Life insurance has all the romance of a Ty-D-Bol commercial. 

Not many folks plan for their child’s retirement before the kid is born, but that friend gave you outstanding advice. 

Life insurance is not supposed to be an exciting investment, but if you select the right insurer, it can be among the wisest. 

Surprisingly, it would be a most extraordinary long-term investment for your son-to-be.

There are roughly 1,000 life insurance companies that sell life insurance in the U.S. 

They are required by law to maintain sufficient reserves to guarantee the future obligations to their customers. 

Most life insurance companies are in good financial health, but their premiums, earnings, operating expenses, investment expertise, dividends and long-term policy performances differ broadly. 

A $100,000 policy with Company A and a $100,000 policy with Company B will both guarantee payment of $100,000 at a specific time. 

But you must select the insurer that best meets your objectives, and in this instance, The Northwestern Mutual Life Insurance Co. would have the best investment results. 

Your friend’s insurer is only rated A-minus by A.M. Best, BBB by Fitch Ratings and Baa by Moody’s Investors Service and might not be the long-term investment you want for your son. 

In my opinion and in the opinion of many financial professionals, the company you ought to consider is Northwestern Mutual. 

The long-term performance of a Northwestern Mutual policy might knock your socks off. 

Both companies would pay the $100,000 policy amount with alacrity, and both checks would clear the bank quickly, without fail. But the similarities end here as abruptly as a rabbit’s tail. 

I think you will find that Northwestern Mutual’s numbers are far superior to the policy offered by your friend’s company, which we’ll call Alpha.

First recognize that Northwestern Mutual, which we’ll call NML, has A.M. Best’s, Fitch’s and Moody’s highest possible ratings, whereas Alpha’s best rating is that A-minus from A.M. Best. 

NML’s premiums for your son would be $673 annually, so after 60 years, that would equal $40,380. 

Alpha’s annual premium of $618 would total $37,080 after 60 annual payments. 

With NML, your son would have $452,000 of insurance at age 60, versus $305,000 with Alpha — a significant difference of $147,000. 

Even more significant is your son’s estimated cash surrender value after 60 years with NWL. 

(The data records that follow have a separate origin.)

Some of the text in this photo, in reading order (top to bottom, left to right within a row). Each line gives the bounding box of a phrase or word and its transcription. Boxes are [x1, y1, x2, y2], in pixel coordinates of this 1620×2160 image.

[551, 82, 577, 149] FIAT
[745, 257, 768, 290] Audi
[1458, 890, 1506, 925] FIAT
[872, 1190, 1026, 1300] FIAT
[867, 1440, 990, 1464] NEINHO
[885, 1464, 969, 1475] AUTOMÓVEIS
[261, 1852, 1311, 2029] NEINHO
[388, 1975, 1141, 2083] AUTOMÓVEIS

It is $210,453, versus an estimated $140,000 with Alpha. 

That $70,453 difference is mighty huge. 

Last year, NWL paid a 5.6 percent dividend, and Alpha paid a dinky 2.9 percent dividend. 

Over the past 60 years, NWL policyholders have earned an average annual return of 7.23 percent on their policies, versus 4.1 percent for Alpha during the same period. 

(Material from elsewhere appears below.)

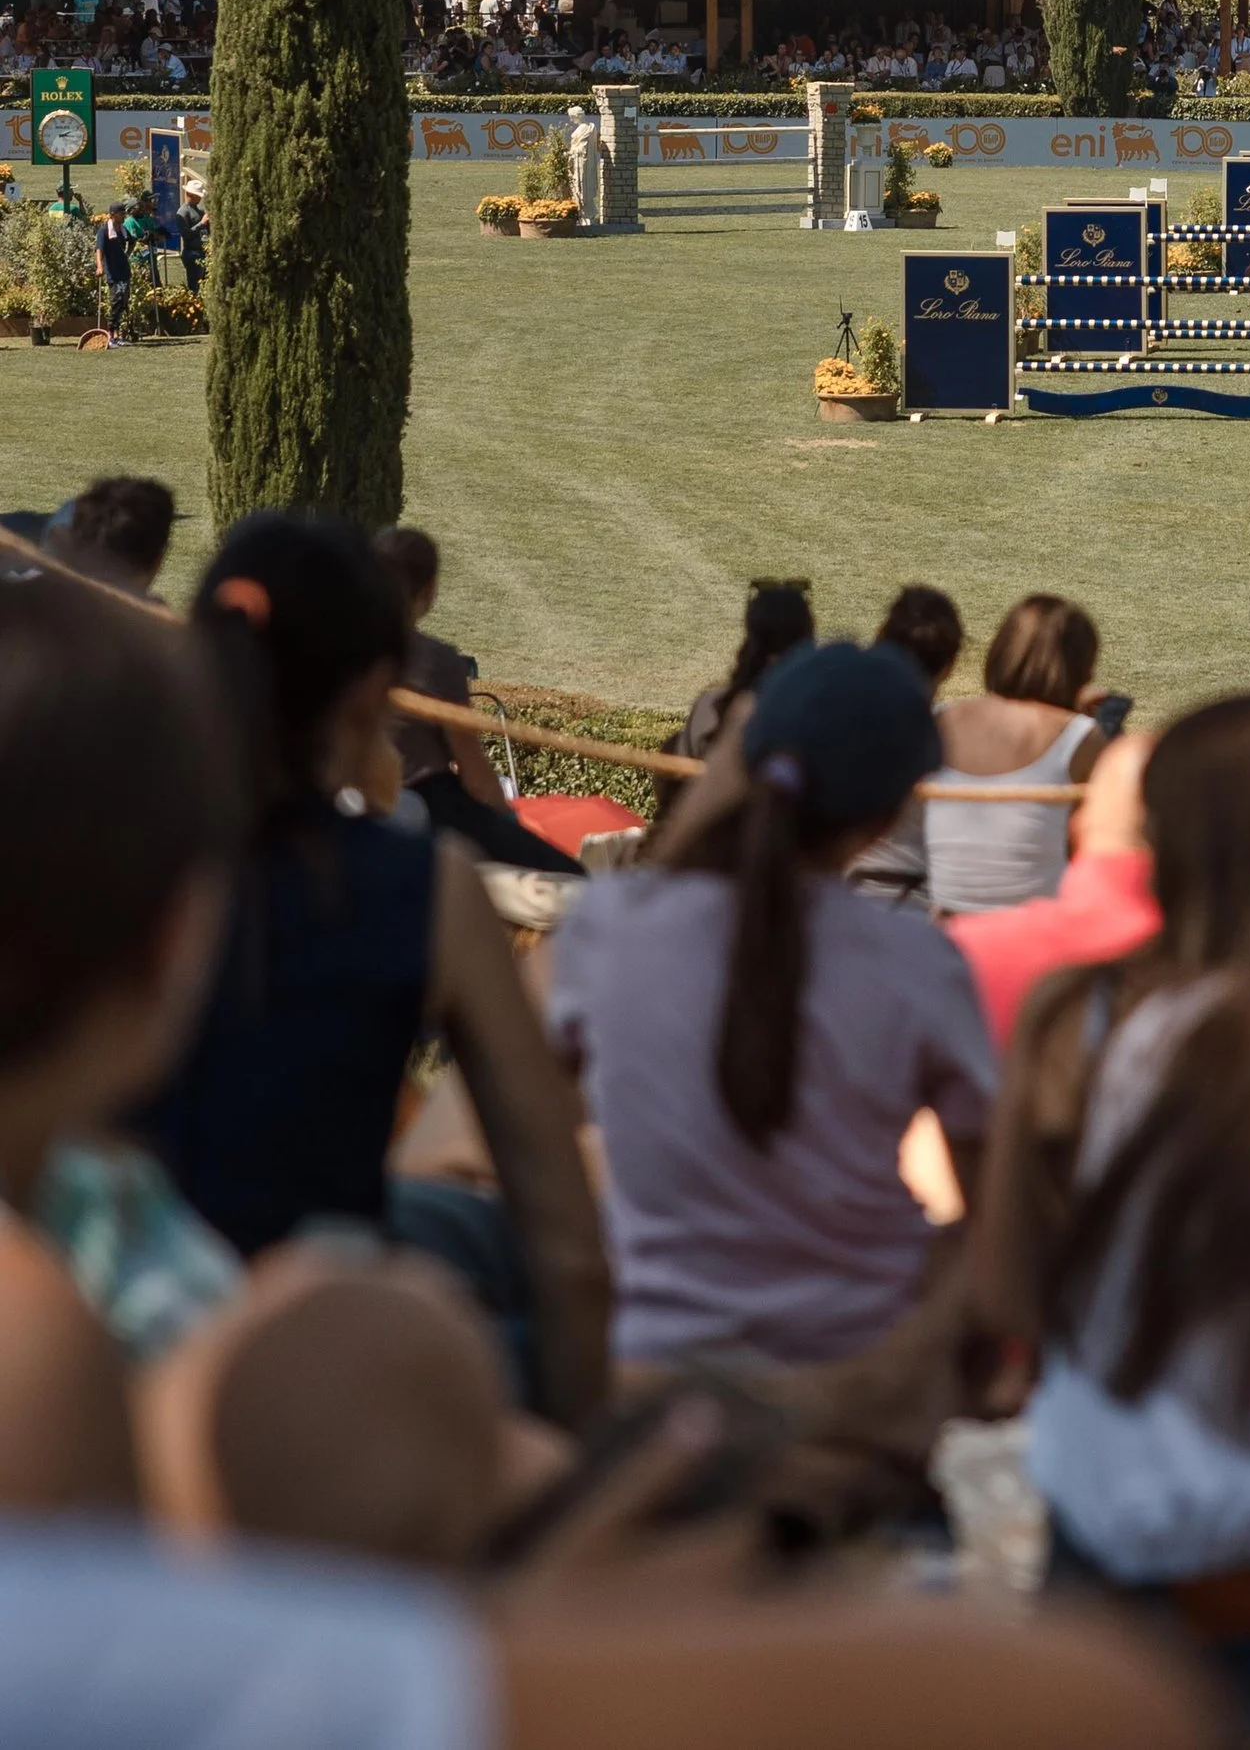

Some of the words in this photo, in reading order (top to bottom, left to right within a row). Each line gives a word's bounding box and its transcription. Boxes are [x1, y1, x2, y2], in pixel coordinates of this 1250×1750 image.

NWL is a swell investment by any standard and clearly unmatched by any insurer. 

Last year, NWL paid $5.5 billion in dividends to its policyholders, which exceeds the combined cash dividends paid last year by U.S. Steel, Kroger, Kellogg Co., The Campbell
Soup Co., Marriott, Aetna and The Dow Chemical Co.

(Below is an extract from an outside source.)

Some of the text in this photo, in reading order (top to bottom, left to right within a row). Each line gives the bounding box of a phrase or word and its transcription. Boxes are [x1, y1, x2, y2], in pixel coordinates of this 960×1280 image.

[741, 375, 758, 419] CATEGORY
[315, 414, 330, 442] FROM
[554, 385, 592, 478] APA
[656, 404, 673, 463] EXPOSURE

Your friend represents a good company, so if you wish to do him a favor and purchase his policy, have at it. 

But an important word of advice: Consider this policy as a cornerstone investment. 

And consider your son’s life insurance a fixed, nonnegotiable expense in the same way you would your mortgage or auto payment. 

The Alpha policy would do what it’s supposed to do if you were to do what you are supposed to do. 

However, NML would do it much better.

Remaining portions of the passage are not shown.